Antes de pensar en los resortes sociales, dirigenciales o mediáticos que disparan estas acciones, no hay que perder de vista cuál es la responsabilidad y la integridad moral de individuos que forman parte de una sociedad y deciden amontonarse para ejecutar en el acto a un sospechoso de un robo. Que existan muchos sujetos con estas características conviviendo entre nosotros, que además se sienten orgullosos de su violencia y su cobardía y que gritan como si fueran mayoría, habla de una degradación social a la que corresponde describir sin maquillajes. La Argentina que tenemos tiene este costado siniestro, incluida la pobre respuesta de la dirigencia política ante esta realidad (ver editorial). Si a la hora de abordar los linchamientos ante una cámara de televisión, una parte de nuestros funcionarios y legisladores se muestran medrosos (en el caso de los que se presumen progresistas), o directamente los justifican (si se trata de los que no tienen inhibiciones ideológicas), cabe imaginar que la moral media de los políticos argentinos no es superior a la del resto de la sociedad. Entre esa legión de dirigentes que no se animan a contradecir a entrevistadores televisivos que apenas manejan un par de conceptos intelectuales y éticos, sobresale uno por su sagacidad. Desde mediados de 2013, viene siendo el que golpea primero y con mayor eficacia, como quedó especialmente expuesto en el debate sobre el Código Penal, un tema no lejano a los linchamientos (algunos de los que participaron en ellos argumentaron que “con las nuevas leyes, -los supuestos ladrones agredidos- saldrían en libertad”). Para el resto de los políticos que le van a la zaga, será cuestión de contratar mejores asesores de marketing.

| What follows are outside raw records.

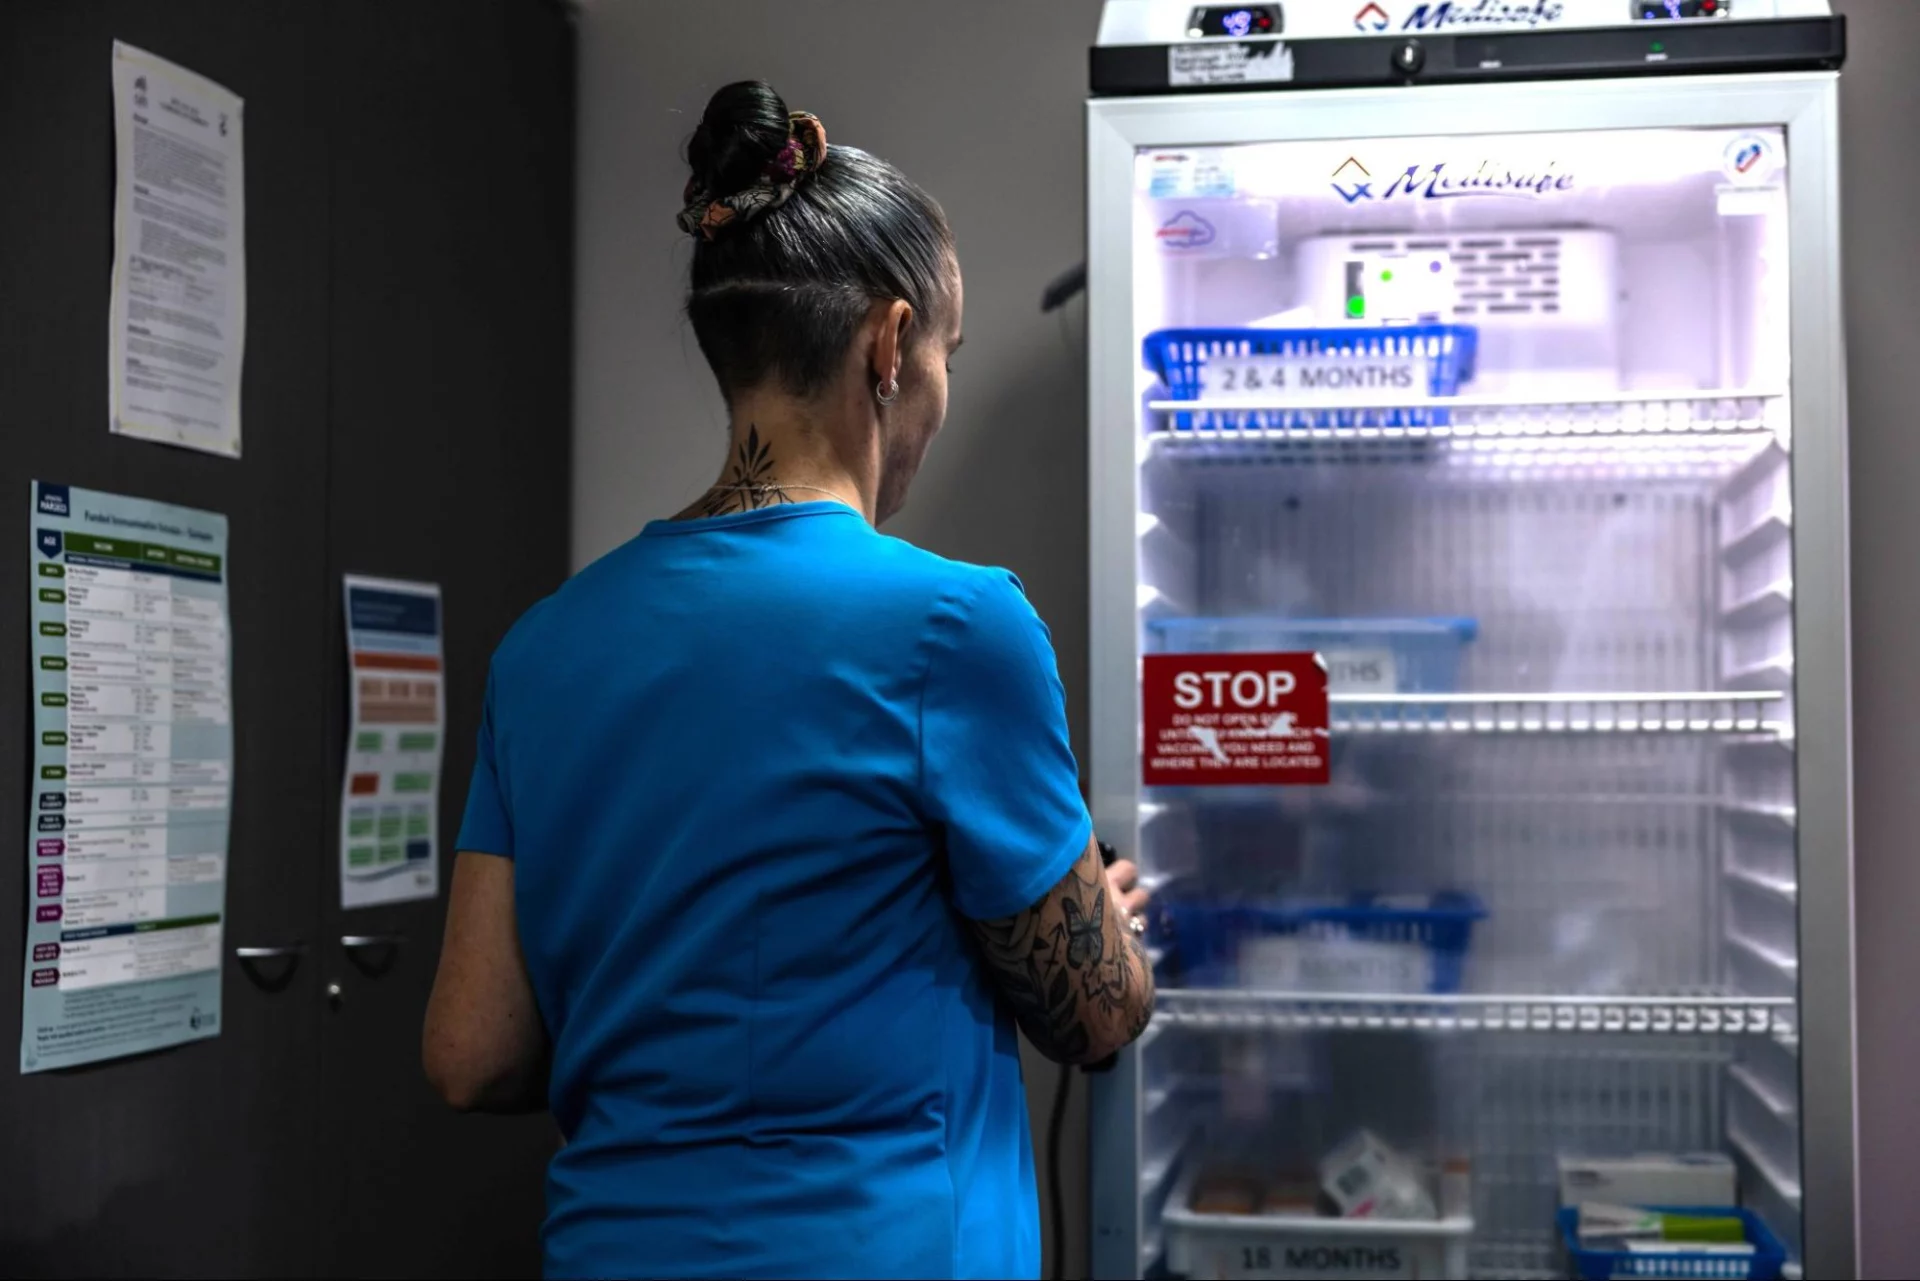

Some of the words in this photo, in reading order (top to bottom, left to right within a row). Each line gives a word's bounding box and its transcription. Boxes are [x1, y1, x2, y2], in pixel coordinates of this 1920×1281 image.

[1222, 368, 1235, 390] 2
[1243, 366, 1263, 388] &
[1269, 366, 1286, 387] 4
[1301, 365, 1413, 388] MONTHS
[1173, 670, 1297, 709] STOP
[1172, 713, 1192, 726] DO
[1194, 712, 1220, 726] NOT
[1250, 741, 1286, 754] NEED
[1288, 741, 1316, 754] AND
[1151, 757, 1196, 769] WHERE
[1233, 756, 1260, 769] ARE
[1262, 755, 1323, 769] LOCATED
[1242, 1246, 1272, 1270] 18
[1285, 1245, 1403, 1270] MONTHS
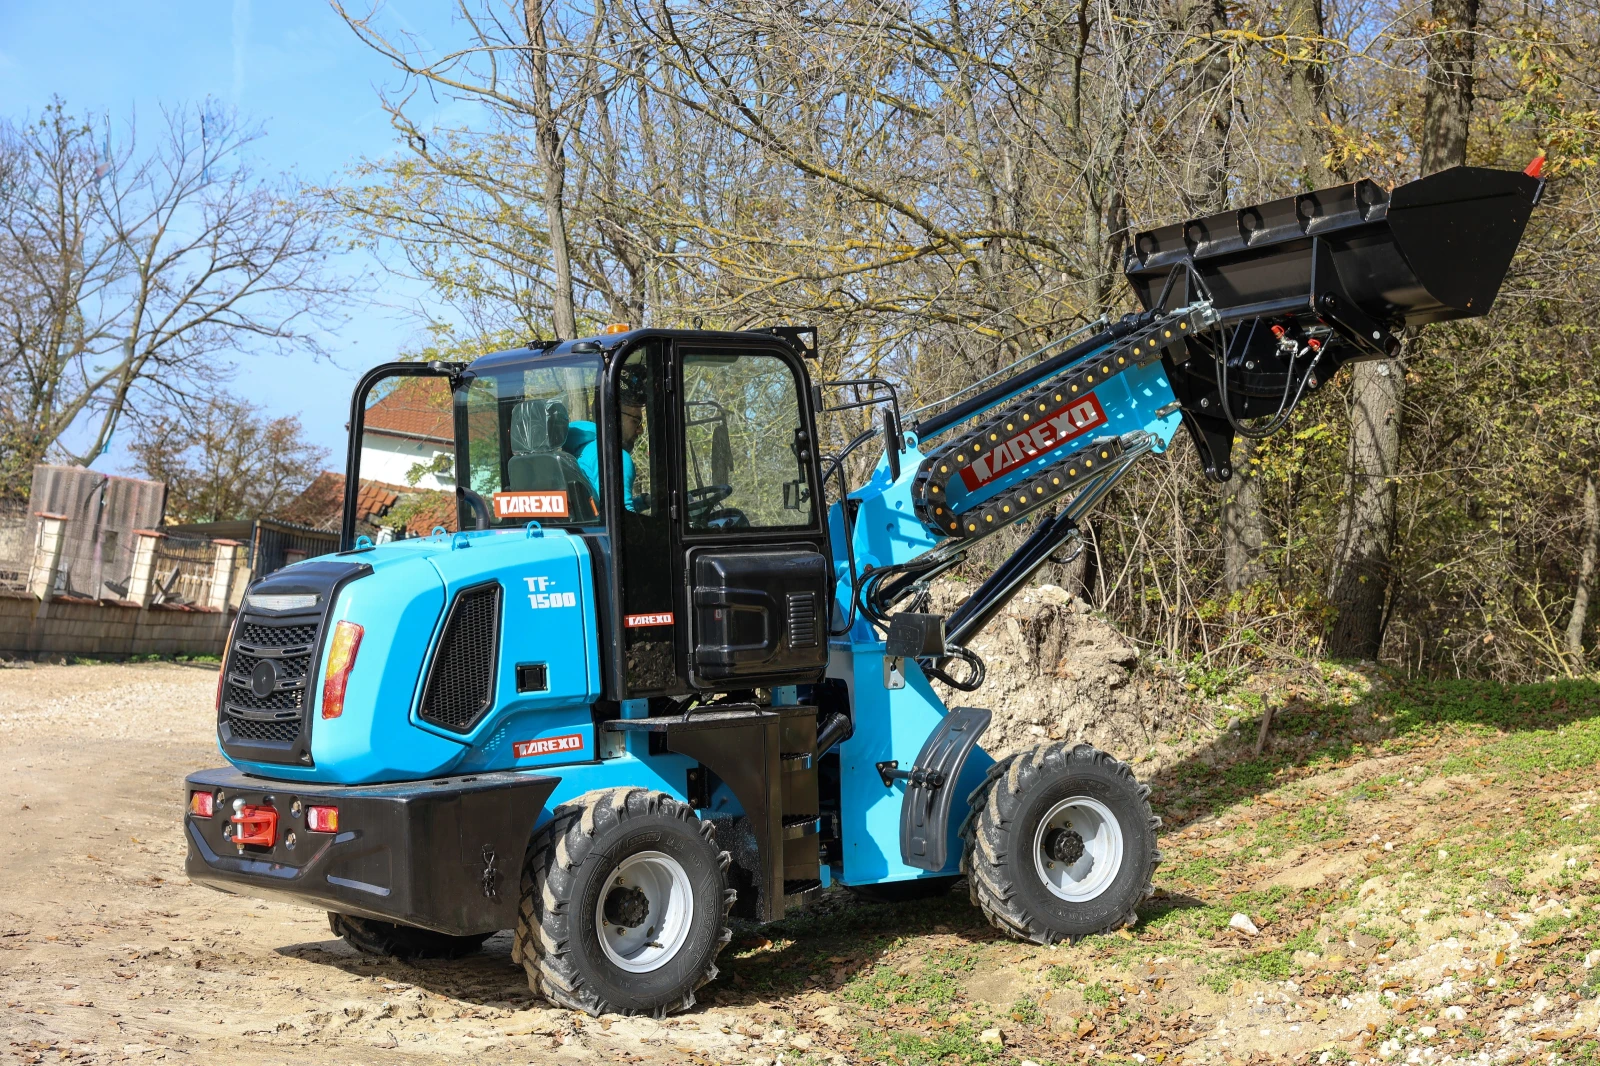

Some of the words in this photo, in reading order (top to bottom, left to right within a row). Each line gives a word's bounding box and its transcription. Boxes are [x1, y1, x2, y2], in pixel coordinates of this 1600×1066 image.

[963, 400, 1099, 484] TAREXO
[495, 495, 565, 515] TAREXO
[523, 576, 556, 592] TF-
[527, 592, 576, 609] 1500
[626, 614, 672, 627] TAREXO
[514, 736, 580, 756] TAREXO

Otro actor primordial en la deriva linchadora es la televisión pero, a diferencia de los políticos, los que golpean y los golpeados, la pantalla no admite espacio para la crítica. Los apocalípticos de la teoría de la comunicación que no encuentran remedio a la voraz y autocelebratoria TV se harían un festín si observaran estos días que los canales argentinos transitan entre la omisión absoluta de un análisis sobre su propio papel a la negación indignada de toda responsabilidad porque ellos muestran “lo que le pasa a la gente”.
La televisión argentina es particular. Existen no menos de siete supuestos canales de noticias –cifra difícil de hallar en otra ciudad del mundo- y cuatro emisoras privadas de aire con sus respectivos noticieros. Con frecuencia, pareciera que no hay ninguno, cuando los canales parecen hipnotizados y a la vez hipnotizan con la transmisión en cadena de un hecho policial o una mera anécdota, que puede ocupar, por caso, la totalidad de un noticiero.

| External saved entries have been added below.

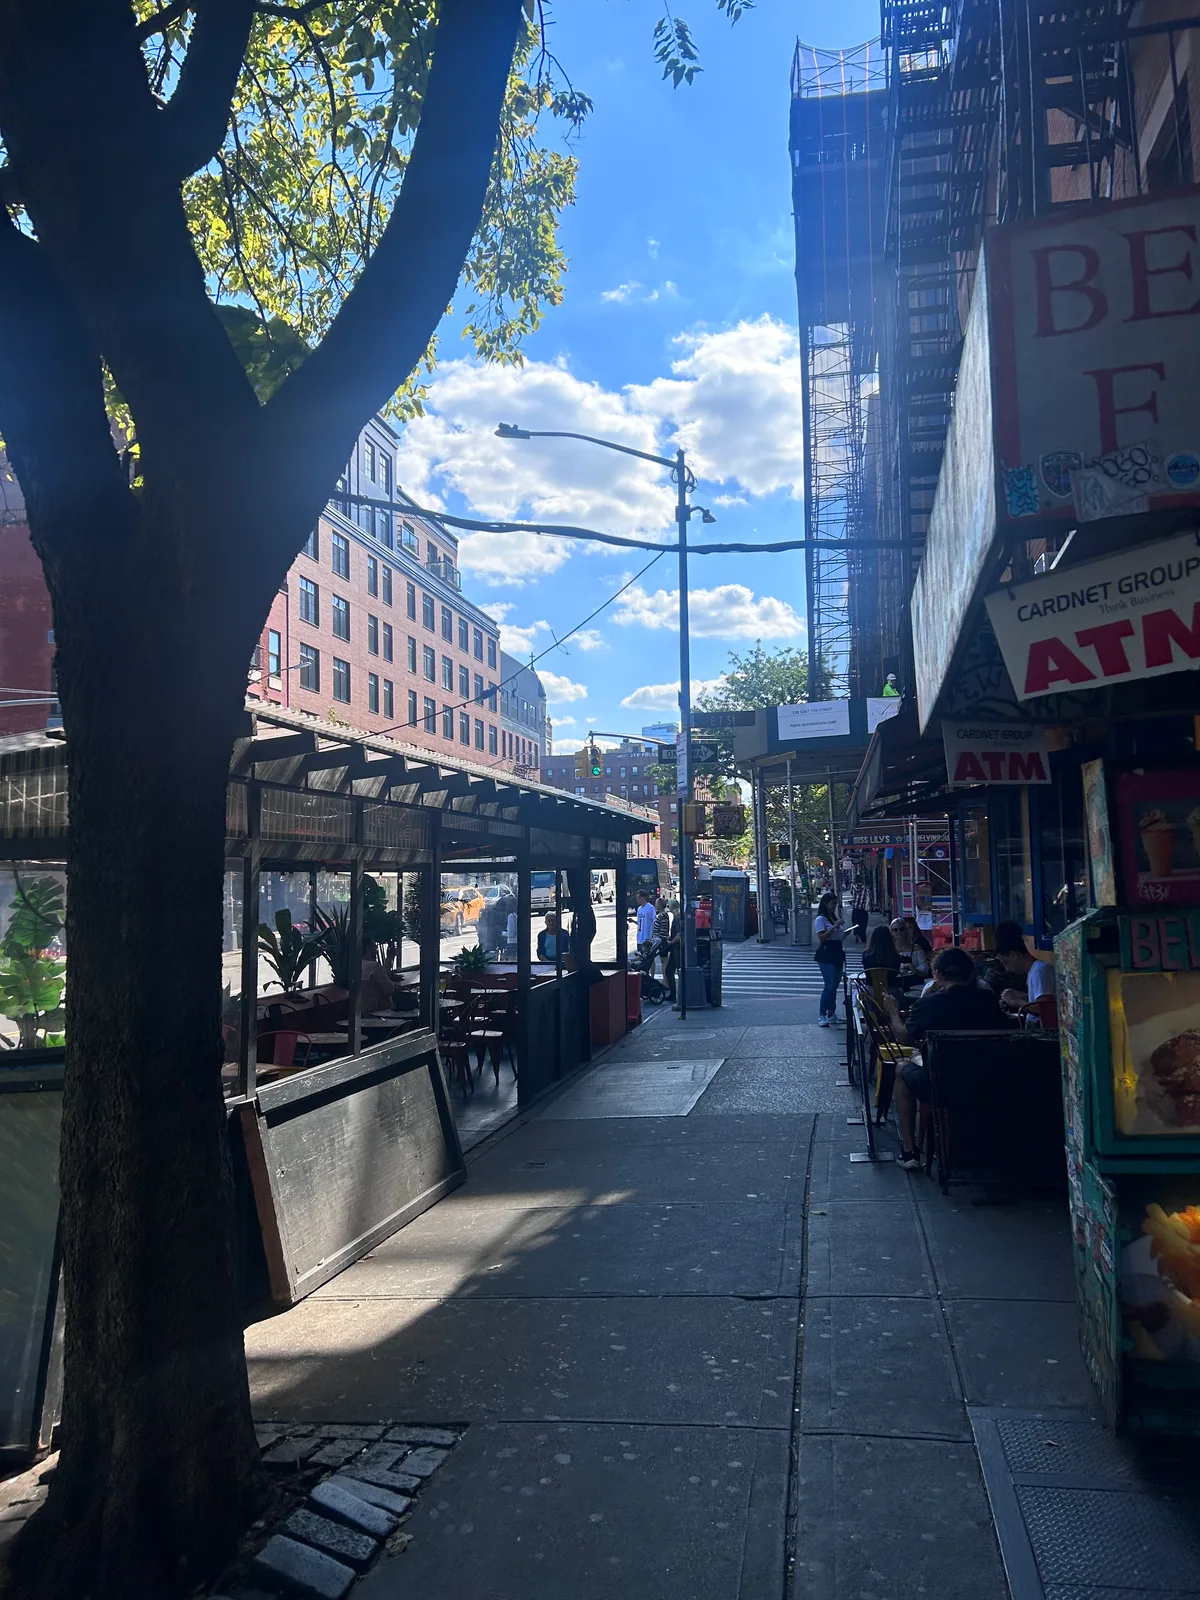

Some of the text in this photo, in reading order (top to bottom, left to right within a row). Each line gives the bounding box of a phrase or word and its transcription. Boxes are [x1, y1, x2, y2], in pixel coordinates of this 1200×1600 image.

[1017, 556, 1200, 622] CARDNET GROUP
[1099, 588, 1175, 615] Think Business
[1024, 601, 1200, 694] ATM
[727, 715, 736, 726] St
[956, 729, 1032, 740] CARDNET GROUP
[953, 751, 1047, 781] ATM
[853, 836, 869, 844] MISS
[870, 835, 891, 844] LILY'S

La televisión, como la turba, no se deja contradecir. No importa si las estadísticas marcan que la tasa de homicidios por habitante es estable desde fines de los años noventa, con un pico comprensible en la crisis 2000-2003, y se encuentra en el nivel más bajo de Sudamérica junto a Uruguay y Chile. Ante una cita de este tipo, el director estará siempre dispuesto a un primerísimo plano del rostro de una víctima y el conductor mirará a cámara cariacontecido: “¿Cómo le explicamos a esta mujer que perdió a un hijo que no hay inseguridad en la Argentina?”

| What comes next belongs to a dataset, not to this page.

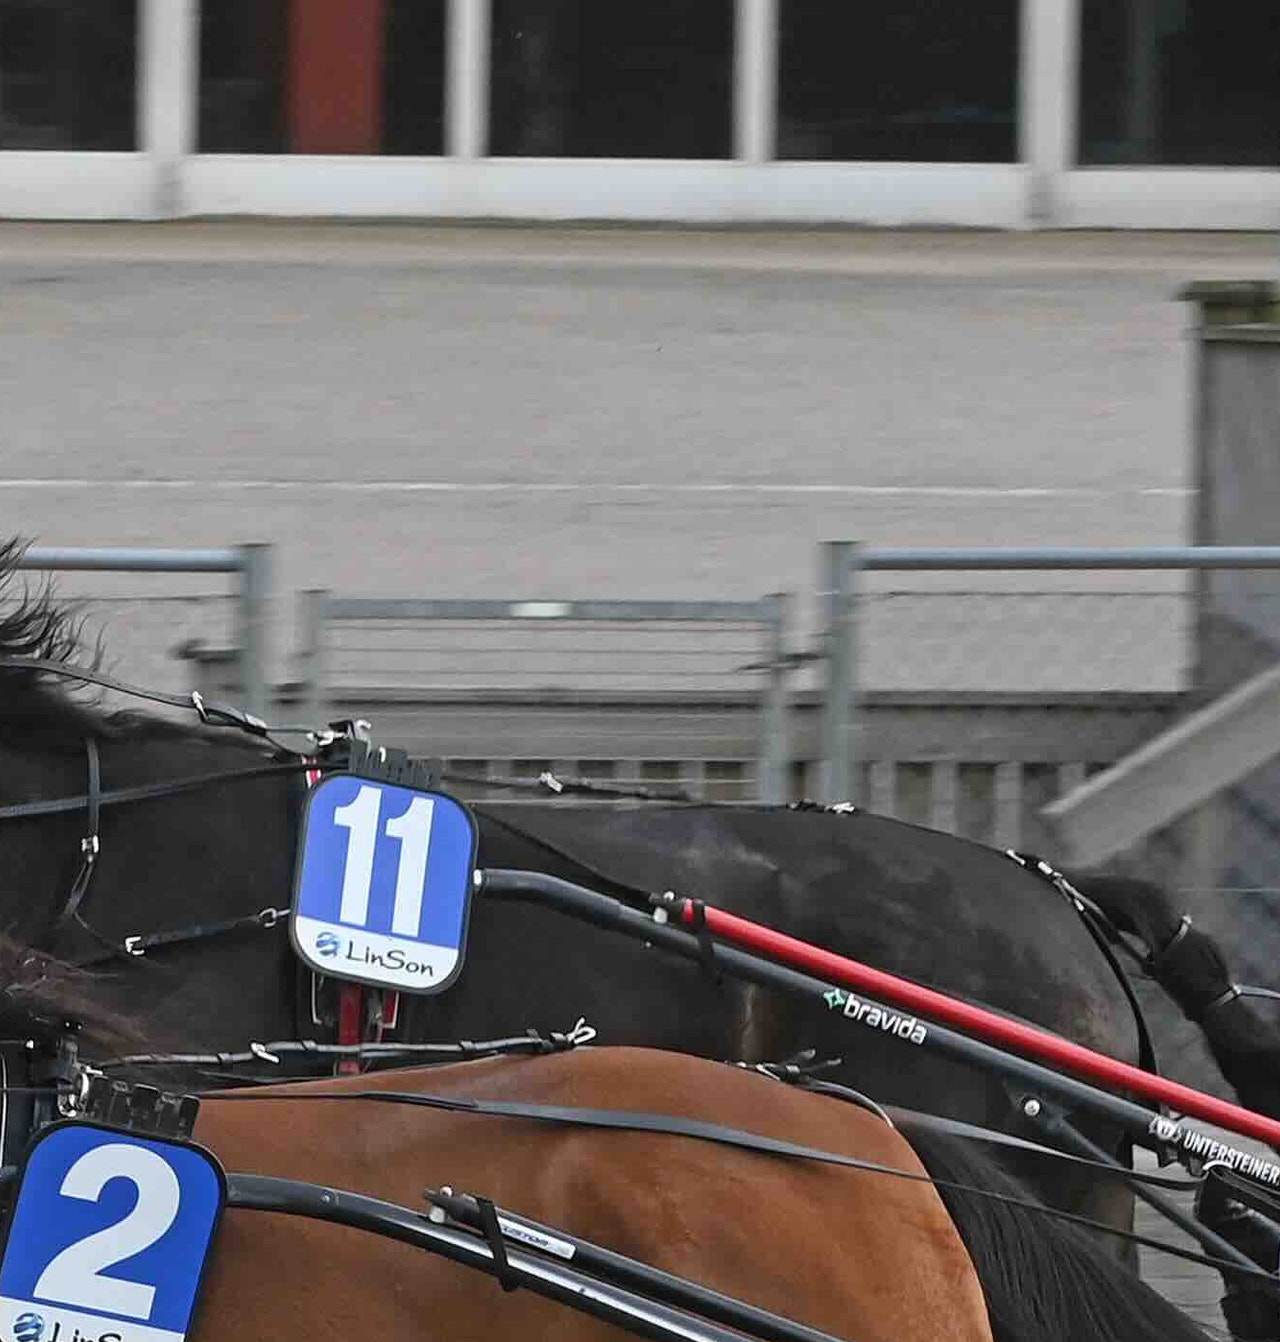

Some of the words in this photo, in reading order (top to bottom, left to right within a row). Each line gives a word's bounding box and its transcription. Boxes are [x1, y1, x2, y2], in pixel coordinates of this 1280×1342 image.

[333, 785, 435, 938] 11
[345, 940, 435, 977] LinSon
[843, 993, 928, 1046] bravida
[32, 1142, 181, 1321] 2

En la Argentina hay inseguridad. Sería imposible que no la hubiera en un país que sufrió brutales quiebras económicas periódicas al menos desde 1975 y en el que sus gobiernos, incluido el actual, no se dignaron a democratizar las fuerzas policiales desde 1983. Qué más pruebas se pueden solicitar sobre un sistema carcelario con frecuencia inhumano, disociante, y de la falta de justicia en el país. Otras estadísticas marcan un sostenido aumento de los robos, mientras que el índice de victimización de la Universidad Di Tella mostró en enero que 36% de las familias argentinas dijeron haber sufrido algún hecho delictivo, dos tercios de ellos violentos, contra alguno de sus integrantes en el último año. No es eso lo que está en discusión a la hora de hablar de los linchamientos.
La mayoría de los políticos sucumbe ante la demagogia televisiva que hasta se mete de lleno, sin meditarlo porque no hay tiempo, en discriminaciones aberrantes. Otro papel, se supone, debería tocarle a la prensa gráfica, de mejor tradición en la Argentina a la hora de informar.
Quedó en el recuerdo aquella famosa tapa sobre “la invasión silenciosa” de abril de 2000 en la revista La Primera, una temeraria operación de prensa que apeló a borrarle un diente al denunciado “invasor” extranjero (ver foto). Aquella publicación intentó ganarse un espacio con brulotes de ultraderecha y, al poco tiempo, cerró.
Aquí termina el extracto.